• Task item
Output all records exactly, with no images.

• Records for the exercise
=== Section Start ===
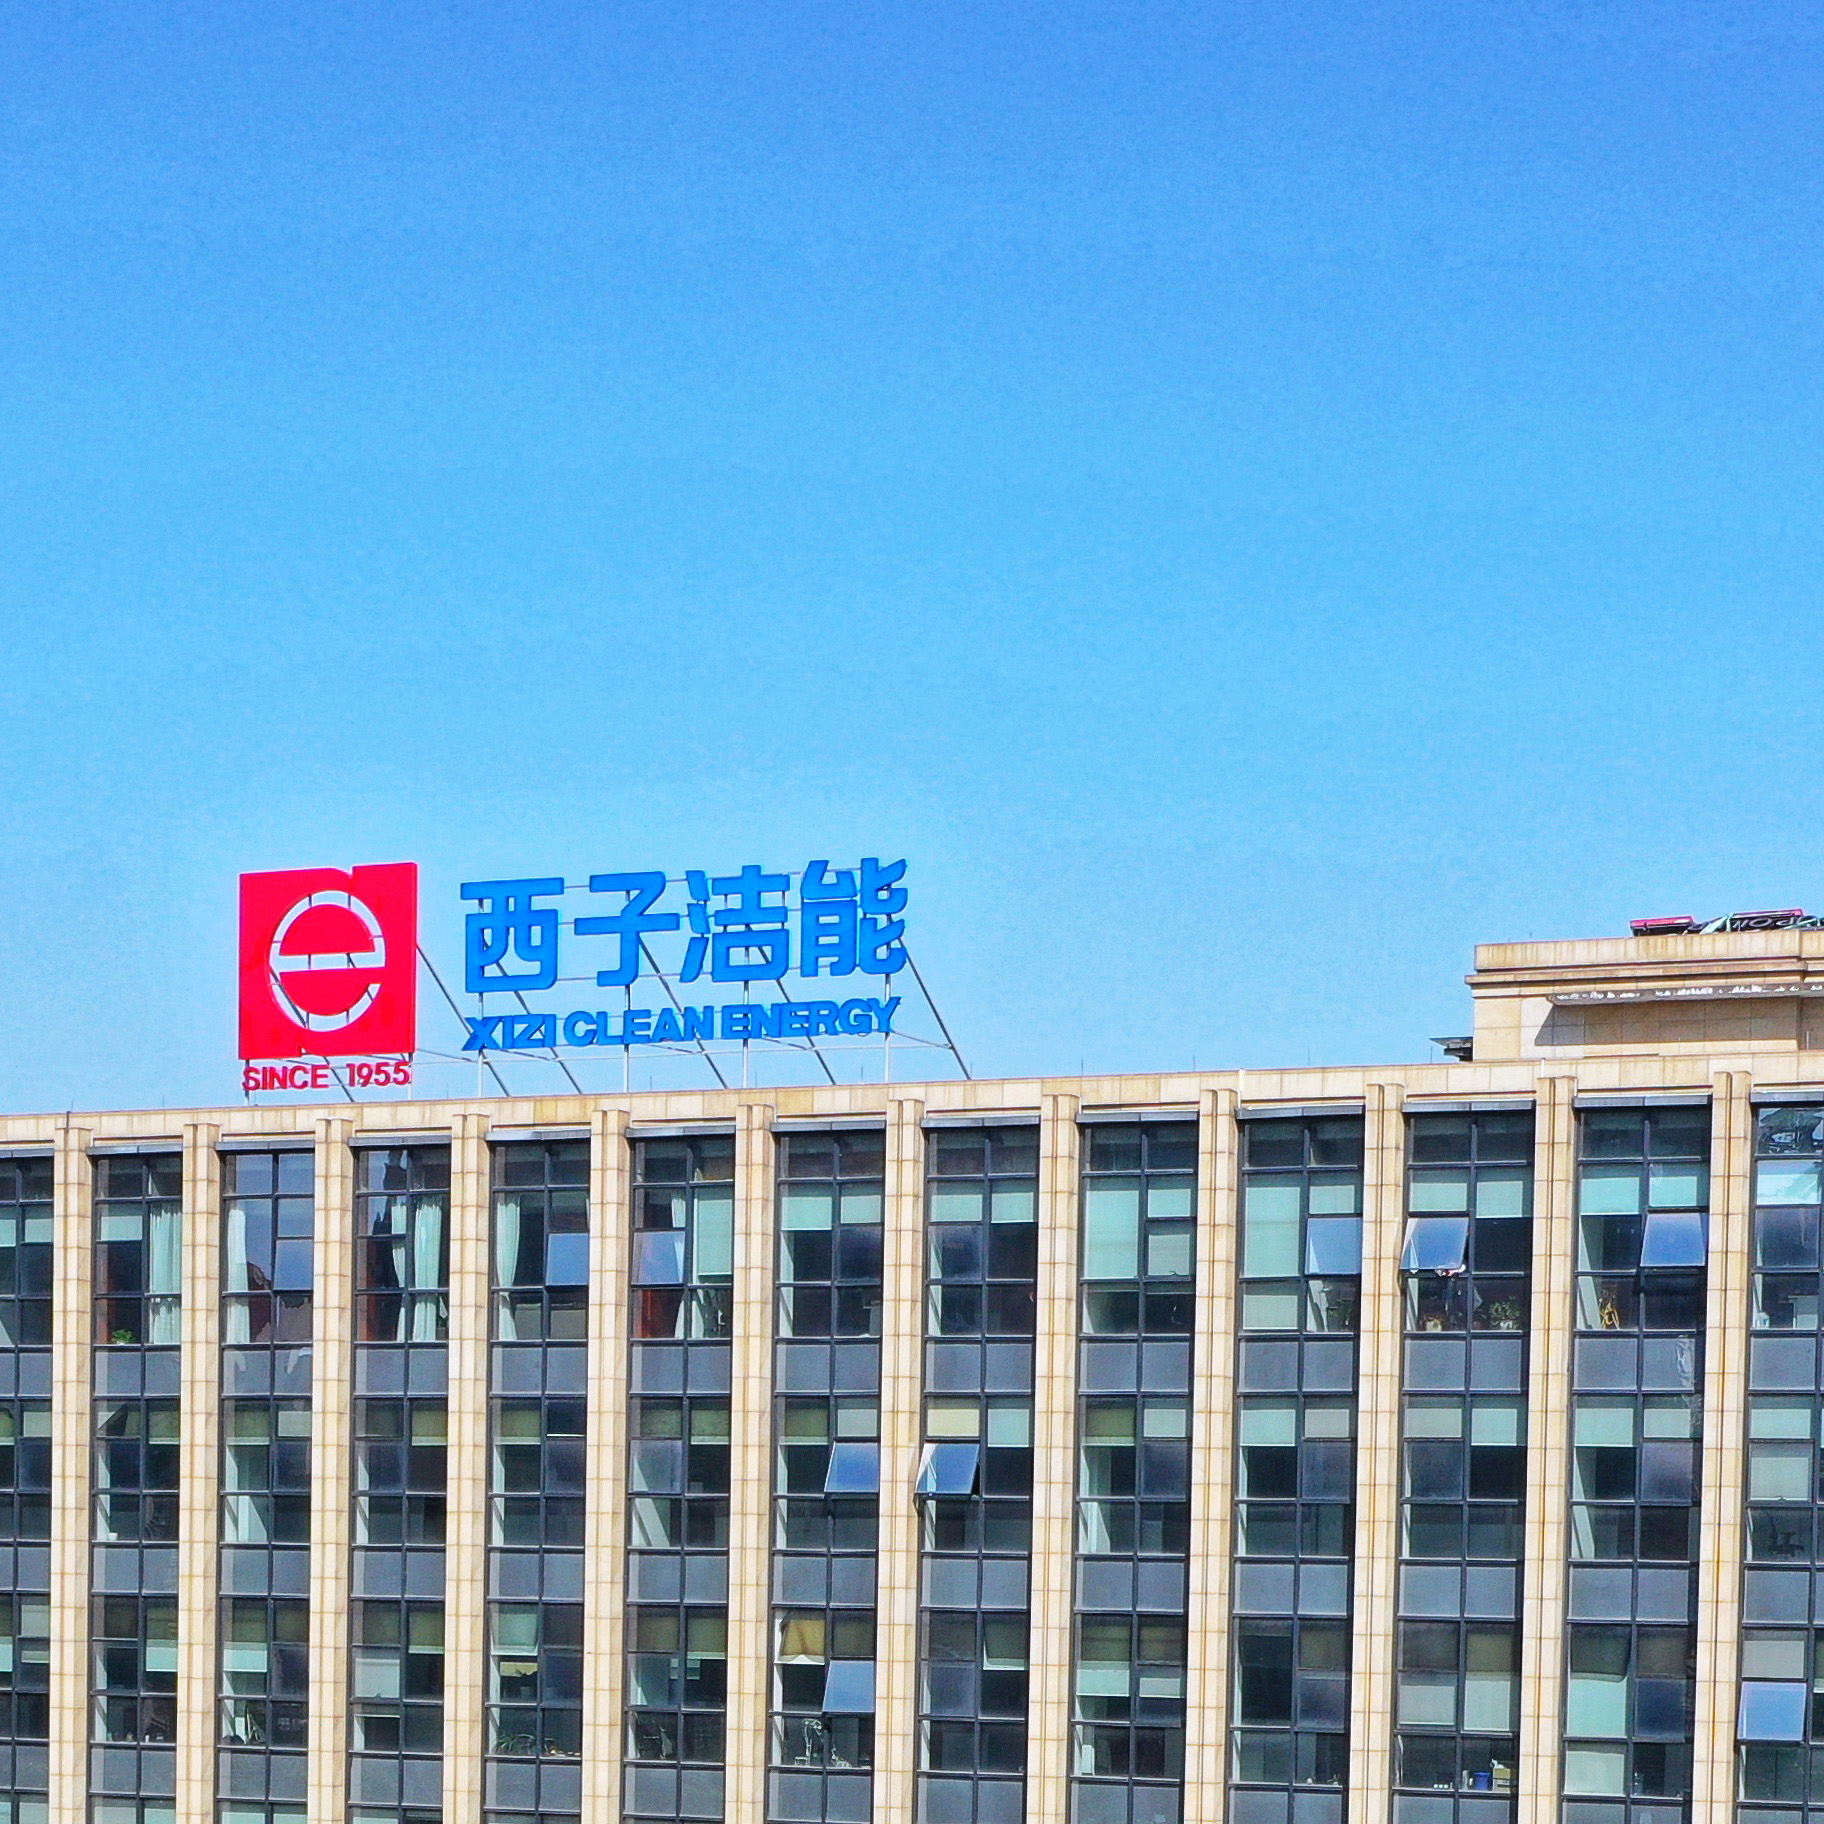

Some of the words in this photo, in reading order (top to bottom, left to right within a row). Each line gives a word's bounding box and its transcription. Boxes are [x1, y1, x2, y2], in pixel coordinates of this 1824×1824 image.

[461, 857, 908, 993] 西子洁能
[462, 1013, 556, 1051] XIZI
[563, 1005, 715, 1047] CLEAN
[721, 996, 902, 1040] ENERGY
[242, 1064, 330, 1091] SINCE
[345, 1060, 413, 1088] 1955
=== Section End ===
• Completed exercise
Some of the words in this photo, in reading order (top to bottom, left to right within a row). Each line gives a word's bounding box and its transcription. Boxes are [x1, y1, x2, y2], in pixel coordinates of this 1824×1824 image.

[461, 857, 908, 993] 西子洁能
[462, 1013, 556, 1051] XIZI
[563, 1005, 715, 1047] CLEAN
[721, 996, 902, 1040] ENERGY
[242, 1064, 330, 1091] SINCE
[345, 1060, 413, 1088] 1955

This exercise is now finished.